Battesimo, cresima e comunione: in antico i bambini ricevevano insieme
battesimo cresima e comunione proprio come gli adulti convertiti. In Oriente
ancora oggi è così, e se la mamma che va a fare la comunione con il
bambino di un anno in braccio, la comunione viene data anche al bambino.
Da noi invece, fra battesimo e cresima oggi passano dai dodici ai sedici anni.
E ancora per la cresima. L'unzione degli infermi (già estrema unzione): nel
sec. V i preti di Gubbio negano al vescovo il diritto di dare l’olio santo ai
malati. Il papa dà ragione al Vescovo e anzi ricorda con forza che anche i
laici ne possono fare libero uso nei propri malanni. Oggi in pratica sono solo i
preti a darla; quanto ai laici nemmeno a parlarne.
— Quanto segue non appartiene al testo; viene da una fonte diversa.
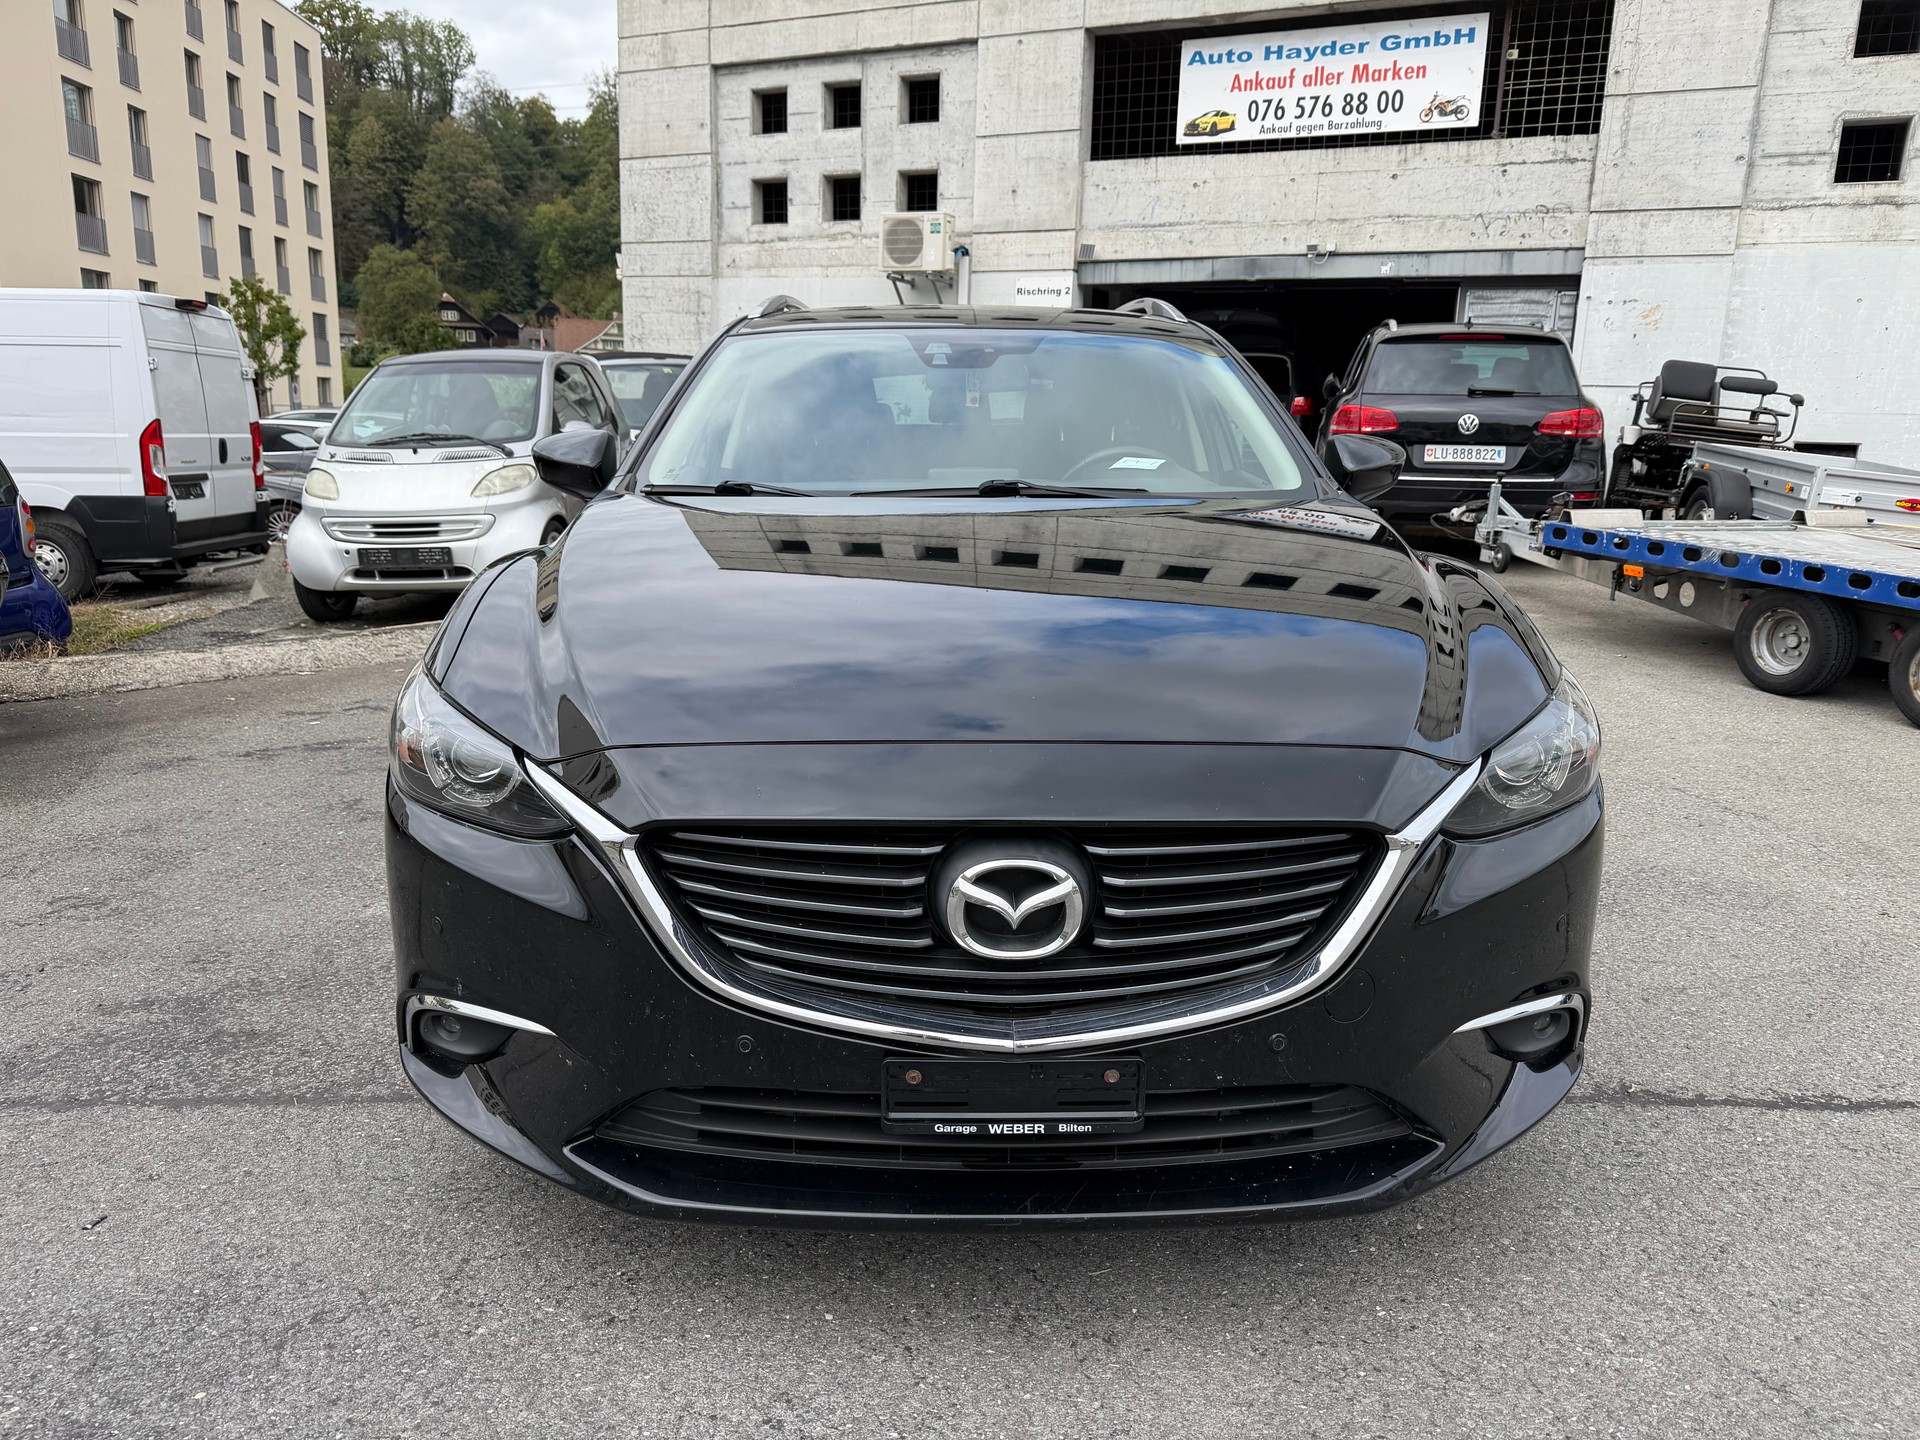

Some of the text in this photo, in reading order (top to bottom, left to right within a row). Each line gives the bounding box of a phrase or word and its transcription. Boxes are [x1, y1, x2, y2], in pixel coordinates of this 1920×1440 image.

Riguardo al sacramento del matrimonio don Antonio ricorda che per i primi
due-tre secoli la Chiesa non se ne occupava affatto; “i cristiani si sposano
come tutti” gli altri. Qualche vescovo desiderava esserne informato. A partire
dal sec. IV-V è certo che la sera delle nozze gli sposi ricevevano una
benedizione in casa loro. È solo nel sec. X che il matrimonio comincerà a
essere celebrato “sulla porta” della Chiesa (né fuori né dentro). La Penitenza
(confessione) ha conosciuto cambiamenti sensazionali: per i primi 150 anni si
ritiene che non ci fossero né riti né precetti penitenziali. Il primo grande segno
di novità è del sec. II: il perdono dei peccati si potrà concedere una sola volta
nella vita e solo dopo mesi o anni di durissime penitenze. La durezza della
penitenza era tale e la paura di morire senza riconciliazione (si ricordi: una
volta sola), nessuno chiedeva più il sacramento se non in punto di morte.
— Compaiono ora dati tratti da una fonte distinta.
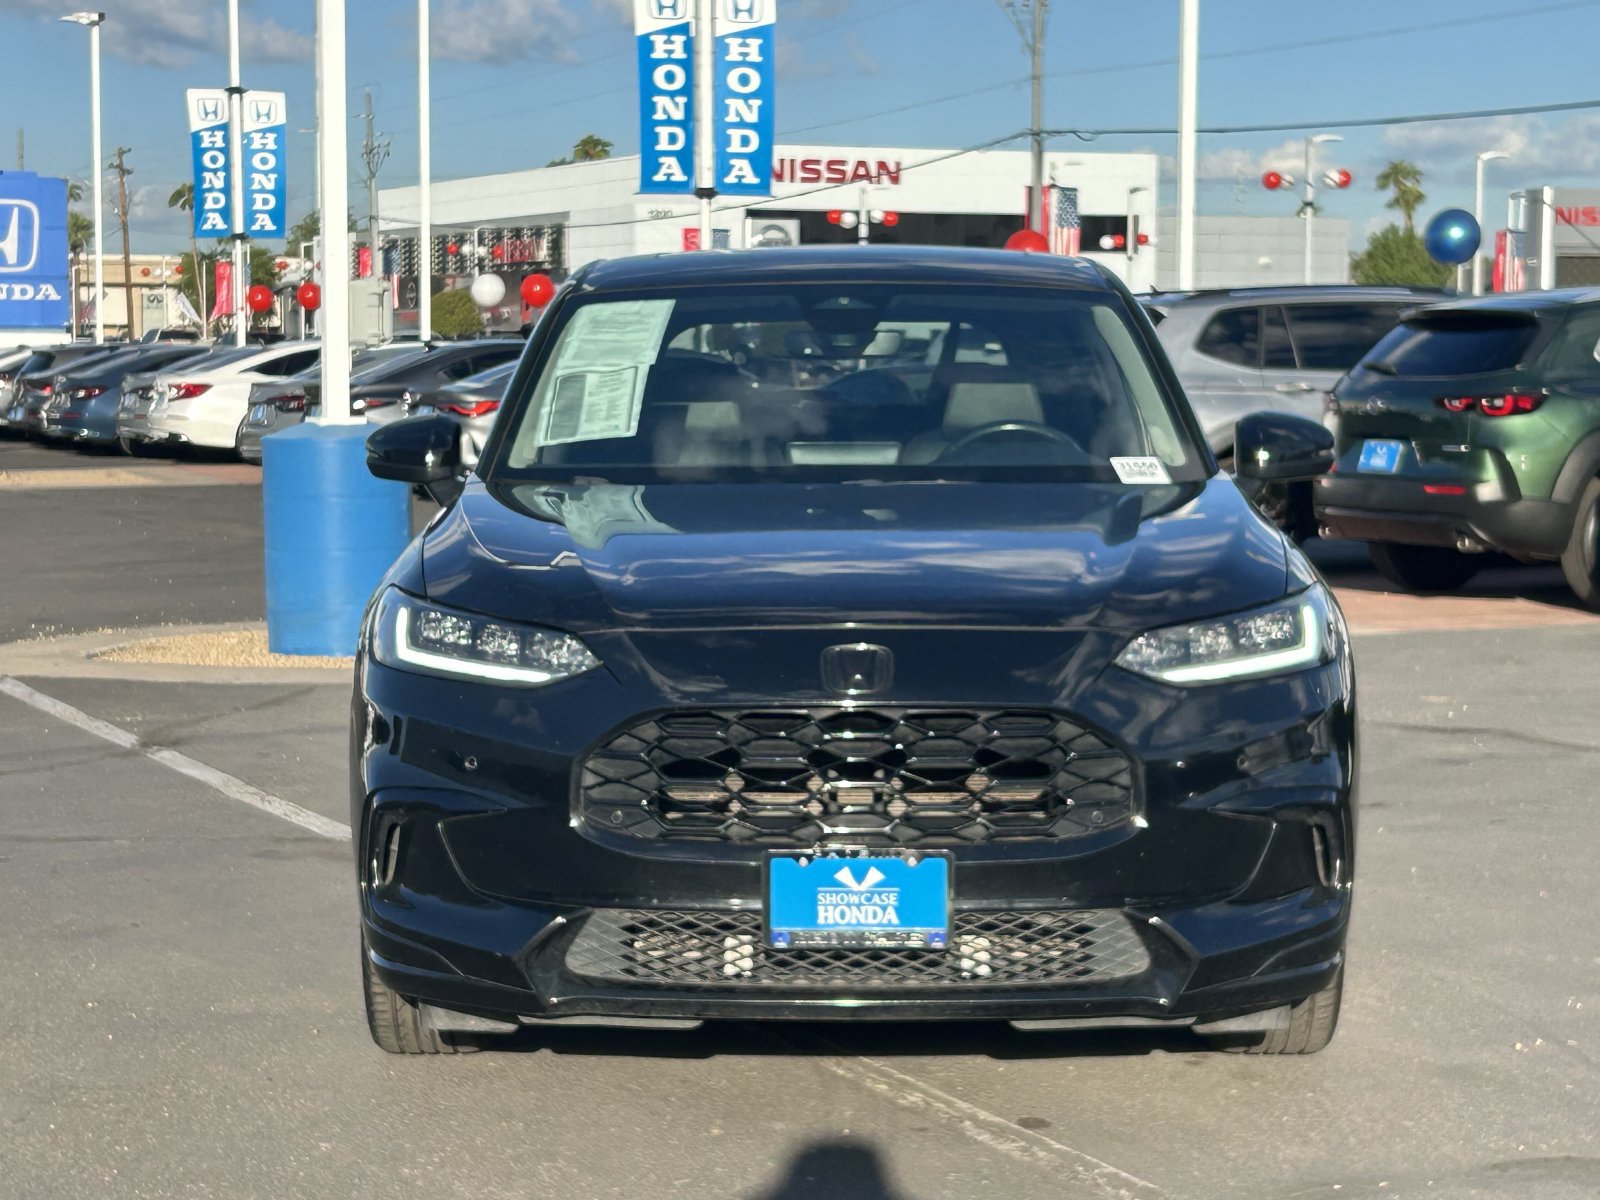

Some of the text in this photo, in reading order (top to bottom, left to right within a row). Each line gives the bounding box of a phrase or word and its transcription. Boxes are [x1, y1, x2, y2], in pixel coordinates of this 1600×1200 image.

[650, 34, 688, 182] HONDA
[723, 37, 764, 184] HONDA
[199, 130, 228, 230] HONDA
[249, 132, 278, 231] HONDA
[817, 892, 898, 905] SHOWCASE
[817, 905, 900, 925] HONDA
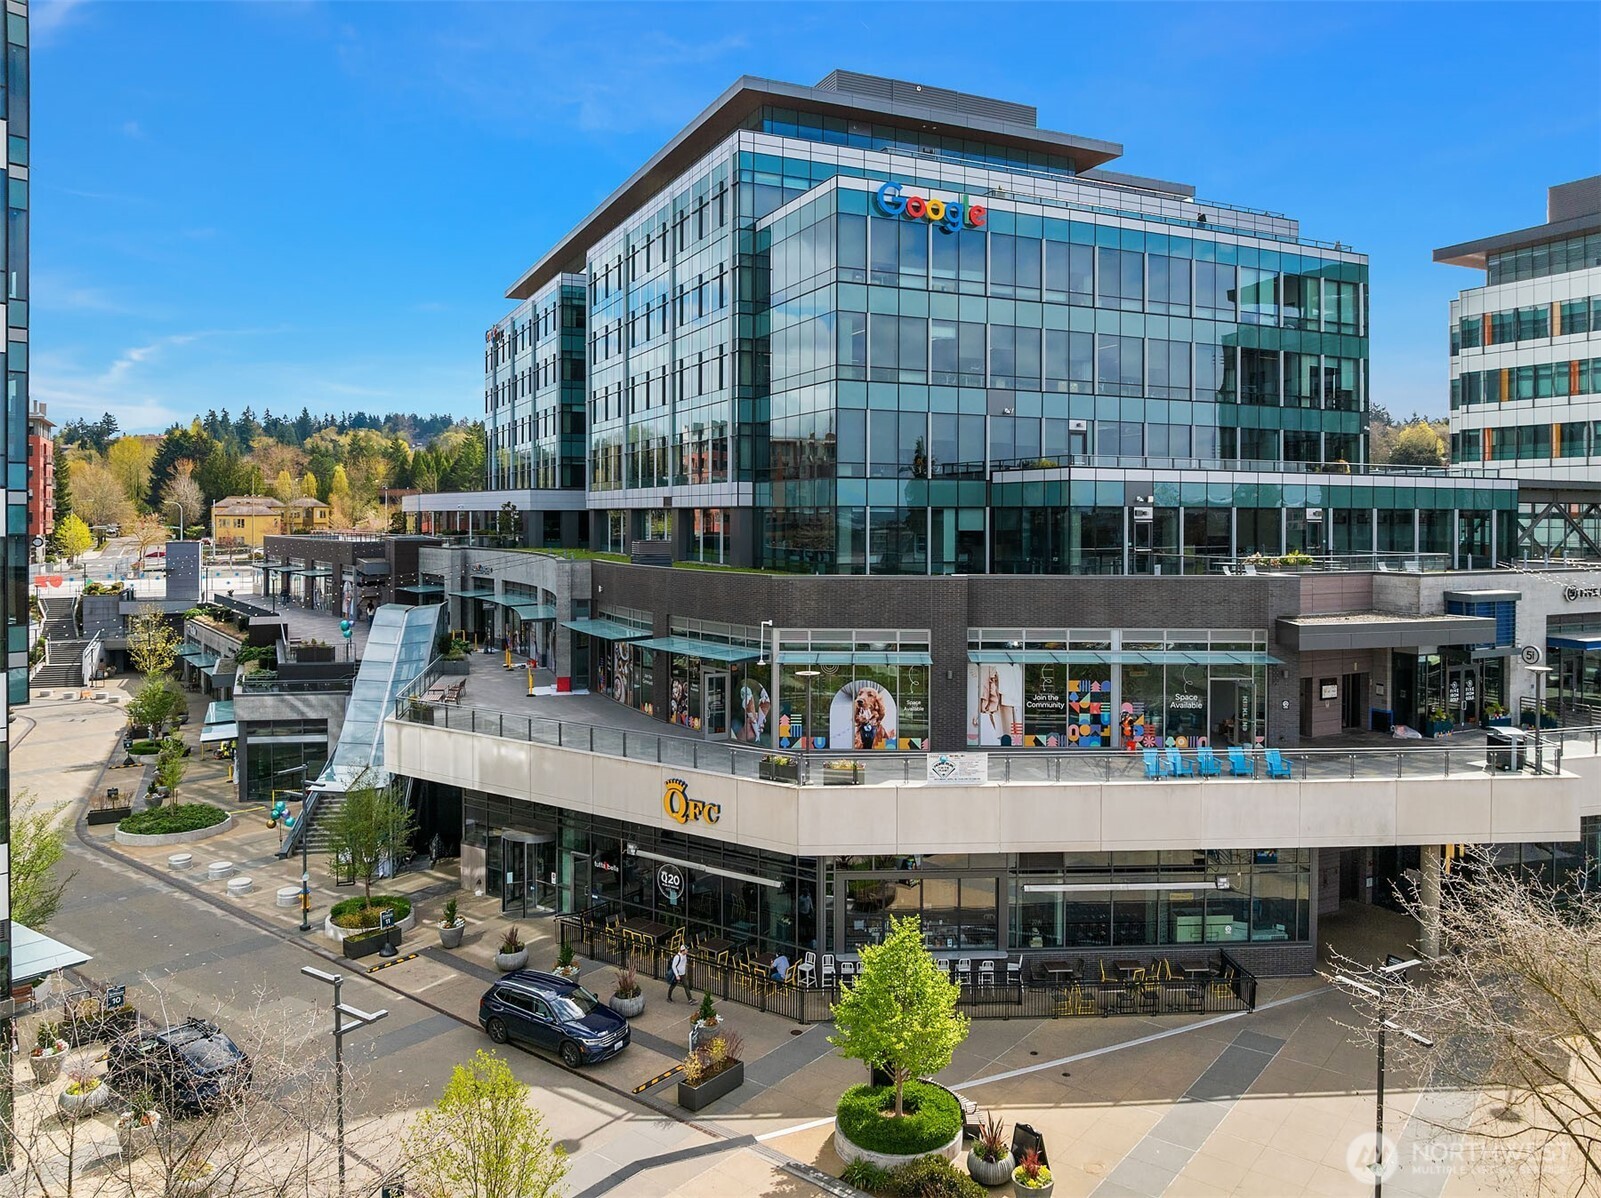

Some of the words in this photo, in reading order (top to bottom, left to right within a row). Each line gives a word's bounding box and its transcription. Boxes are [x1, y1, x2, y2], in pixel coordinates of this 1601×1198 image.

[876, 181, 986, 232] Google
[1175, 694, 1198, 702] Space
[1026, 701, 1065, 710] Community
[664, 786, 721, 824] QFC
[661, 871, 680, 886] Q20
[112, 996, 121, 1004] 10
Questo durò fino ai sec. VI-VII.
Fu quando in Irlanda, dove vivevano solo monaci, la gente prese a
confessare ai monaci i peccati, a ricevere una penitenza e a ottenere sempre
la riconciliazione. Le penitenze erano ancora durissime, ma si mise un atto un
sistema di commutazione che faceva sconti sensazionali alla pena da
scontare. Così fra molti contrasti la nuova forma prevalse. Ancora 5 o 6
secoli, e nacque la confessione come tutti noi la conosciamo. Infine con la
riforma del Vaticano II si è introdotta anche la possibilità di dare l’assoluzione
dopo una confessione generale e prima della confessione individuale dei
peccati.
Infine sul sacramento dell’ordine, argomento sul don Antonio è considerato
un vero specialista, per circa 1000 anni la Chiesa sceglieva i suoi vescovi
preti e diaconi indifferentemente fra uomini celibi e uomini sposati. Se si
trattava di un laico egli veniva ordinato subito per quello che doveva essere,
vescovo prete o diacono, senza tirocinio di sorta da laico a vescovo, da laico
a prete e così via. A partire dal IV secolo, in Occidente, se egli era sposato
avrebbe avuto l’obbligo di osservare la castità nel matrimonio. Le cose
rimasero così finino al sec.XI, quando la legge del celibato divenne universale
per la Chiesa latina, senza più eccezioni.
In Oriente dove ci sono preti sposati e non sposati, quelli sposati non hanno
nessun obbligo di castità, ma se restano vedovi, non potranno risposarsi. Chi
invece non è sposato, non potrà più sposarsi. Un prete sposato però, non
potrà maidiventare vescovo. Una curiosità importantissima per dare un’idea
di come possono cambiare le cose nella Chiesa: per nove secoli un vescovo
che accettava il trasferimento a un'altra sede, fosse anche quella di Roma,
veniva scomunicato. Era considerato come un adulterio. Oggi invece è la
regola.
A don Antonio questo fa dire che tutti questi cambiamenti dicono chiaramente
una cosa: che il Signore, lasciando i suoi, si è fidato della sua Chiesa e a
essa ha dato tutto il potere sul come gestire i suoi doni.
Don Antonio conclude il suo libro ponendo la fatidica domanda: perché solo
per la donna non dovrebbe mai cambiare niente? Gesù non le avute tra gli
apostoli? Forse perché i tempi non lo avrebbero permesso. Perché allora fra i
miracoli del Vangelo non includere anche questo: la fine della discriminazione
verso le le donna e la sua totale pari dignità? Il suo potere la Chiesa l’ha
avuto subito chiaro e infatti ha preso subito iniziative audaci e profetiche. La
istituzione dei diaconi e la sostituzione di Giuda non gliel’aveva comandate
Gesù. Hanno fatto tutto da soli. E se ieri sì, perché oggi no?